-- TASK DIRECTIONS --
Each entry is to be retyped exactly as it appears. Leave the images out.

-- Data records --
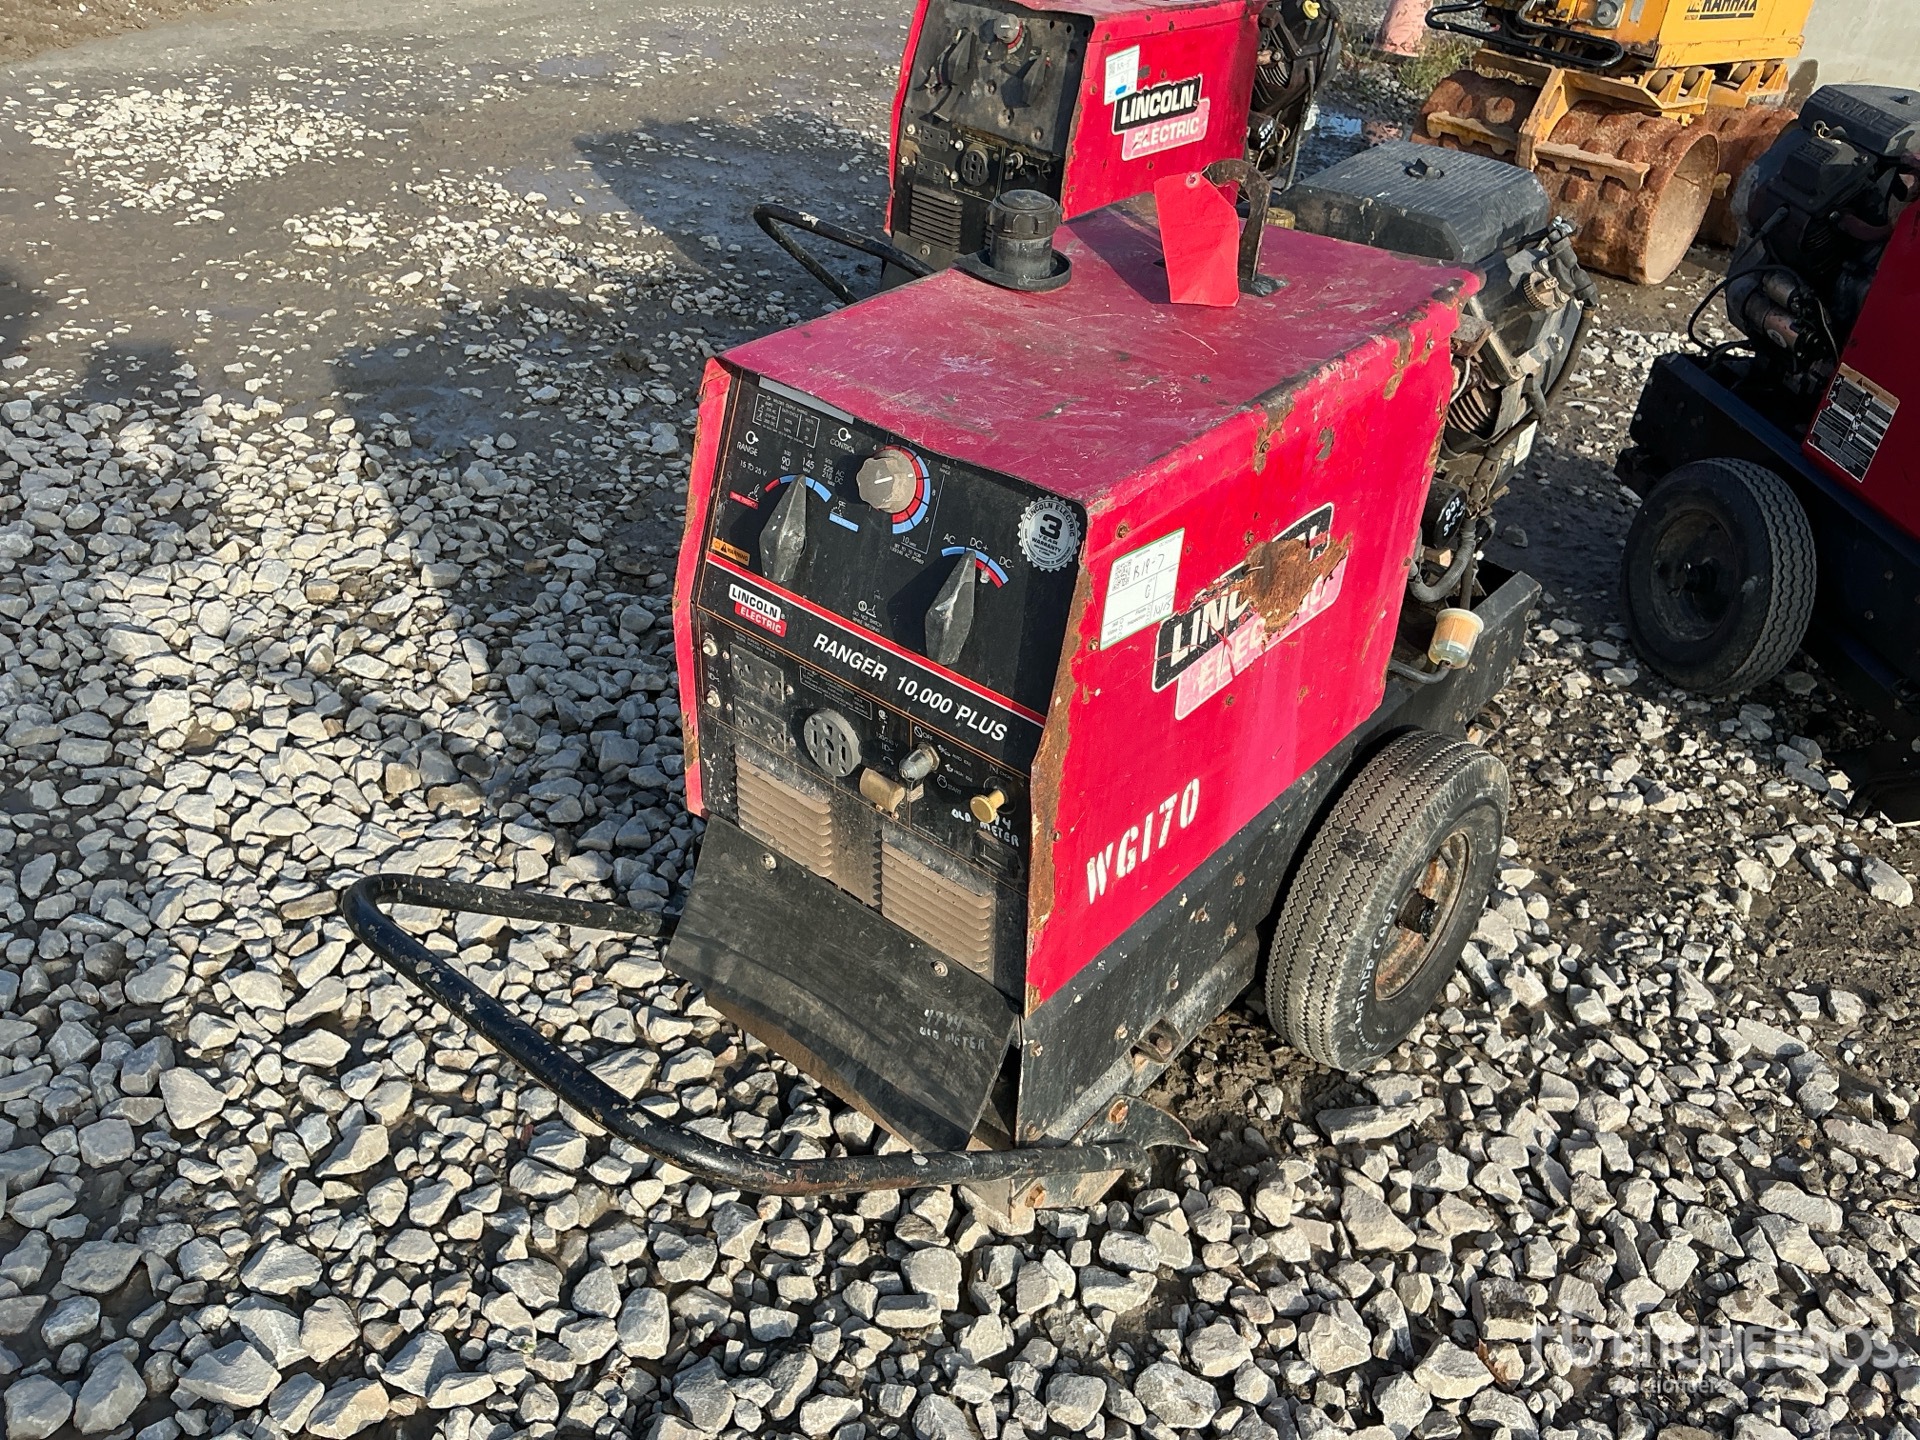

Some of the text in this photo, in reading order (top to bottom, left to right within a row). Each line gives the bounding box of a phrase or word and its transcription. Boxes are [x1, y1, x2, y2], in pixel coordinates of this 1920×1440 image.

[1120, 84, 1195, 125] LINCOLN
[1131, 117, 1200, 150] ELECTRIC
[736, 441, 758, 457] RANGE
[740, 460, 747, 469] 15
[748, 462, 755, 471] TO
[755, 466, 762, 475] 25
[781, 456, 791, 467] 90
[802, 457, 815, 469] 145
[822, 471, 844, 485] 210 DC
[823, 464, 845, 479] 225 AC
[924, 516, 930, 524] 9
[1025, 502, 1076, 537] LINCOLN ELECTRIC
[1039, 513, 1063, 540] 3
[902, 535, 910, 544] 10
[943, 533, 956, 545] AC
[969, 536, 989, 552] DC+
[1031, 537, 1062, 553] WARRANTY
[1038, 533, 1059, 546] YEAR
[726, 545, 749, 563] WARNING
[999, 555, 1015, 569] DC-
[731, 587, 778, 619] LINCOLN
[740, 607, 782, 634] ELECTRIC
[813, 632, 888, 682] RANGER
[896, 675, 953, 714] 10,000
[954, 704, 1008, 742] PLUS
[922, 732, 934, 742] OFF
[952, 753, 963, 762] AUTO
[947, 784, 962, 795] START
[951, 808, 972, 823] OLD
[1086, 778, 1200, 905] WG170
[1354, 958, 1375, 1025] WELDER
[1372, 898, 1399, 950] CART

-- EXPECTED ANSWER --
Some of the text in this photo, in reading order (top to bottom, left to right within a row). Each line gives the bounding box of a phrase or word and its transcription. Boxes are [x1, y1, x2, y2], in pixel coordinates of this 1920×1440 image.

[1120, 84, 1195, 125] LINCOLN
[1131, 117, 1200, 150] ELECTRIC
[736, 441, 758, 457] RANGE
[740, 460, 747, 469] 15
[748, 462, 755, 471] TO
[755, 466, 762, 475] 25
[781, 456, 791, 467] 90
[802, 457, 815, 469] 145
[822, 471, 844, 485] 210 DC
[823, 464, 845, 479] 225 AC
[924, 516, 930, 524] 9
[1025, 502, 1076, 537] LINCOLN ELECTRIC
[1039, 513, 1063, 540] 3
[902, 535, 910, 544] 10
[943, 533, 956, 545] AC
[969, 536, 989, 552] DC+
[1031, 537, 1062, 553] WARRANTY
[1038, 533, 1059, 546] YEAR
[726, 545, 749, 563] WARNING
[999, 555, 1015, 569] DC-
[731, 587, 778, 619] LINCOLN
[740, 607, 782, 634] ELECTRIC
[813, 632, 888, 682] RANGER
[896, 675, 953, 714] 10,000
[954, 704, 1008, 742] PLUS
[922, 732, 934, 742] OFF
[952, 753, 963, 762] AUTO
[947, 784, 962, 795] START
[951, 808, 972, 823] OLD
[1086, 778, 1200, 905] WG170
[1354, 958, 1375, 1025] WELDER
[1372, 898, 1399, 950] CART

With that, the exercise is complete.